ABOUT THIS EXERCISE: Word for word, write out all of the entries that follow.

+++ PROVIDED ENTRIES

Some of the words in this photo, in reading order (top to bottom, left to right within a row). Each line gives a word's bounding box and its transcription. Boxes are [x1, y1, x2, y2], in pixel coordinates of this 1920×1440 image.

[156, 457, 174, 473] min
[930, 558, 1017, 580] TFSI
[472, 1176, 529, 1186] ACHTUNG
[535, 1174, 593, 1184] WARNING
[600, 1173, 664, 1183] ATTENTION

++++++

SOLUTION FOR THIS TASK:
Some of the words in this photo, in reading order (top to bottom, left to right within a row). Each line gives a word's bounding box and its transcription. Boxes are [x1, y1, x2, y2], in pixel coordinates of this 1920×1440 image.

[156, 457, 174, 473] min
[930, 558, 1017, 580] TFSI
[472, 1176, 529, 1186] ACHTUNG
[535, 1174, 593, 1184] WARNING
[600, 1173, 664, 1183] ATTENTION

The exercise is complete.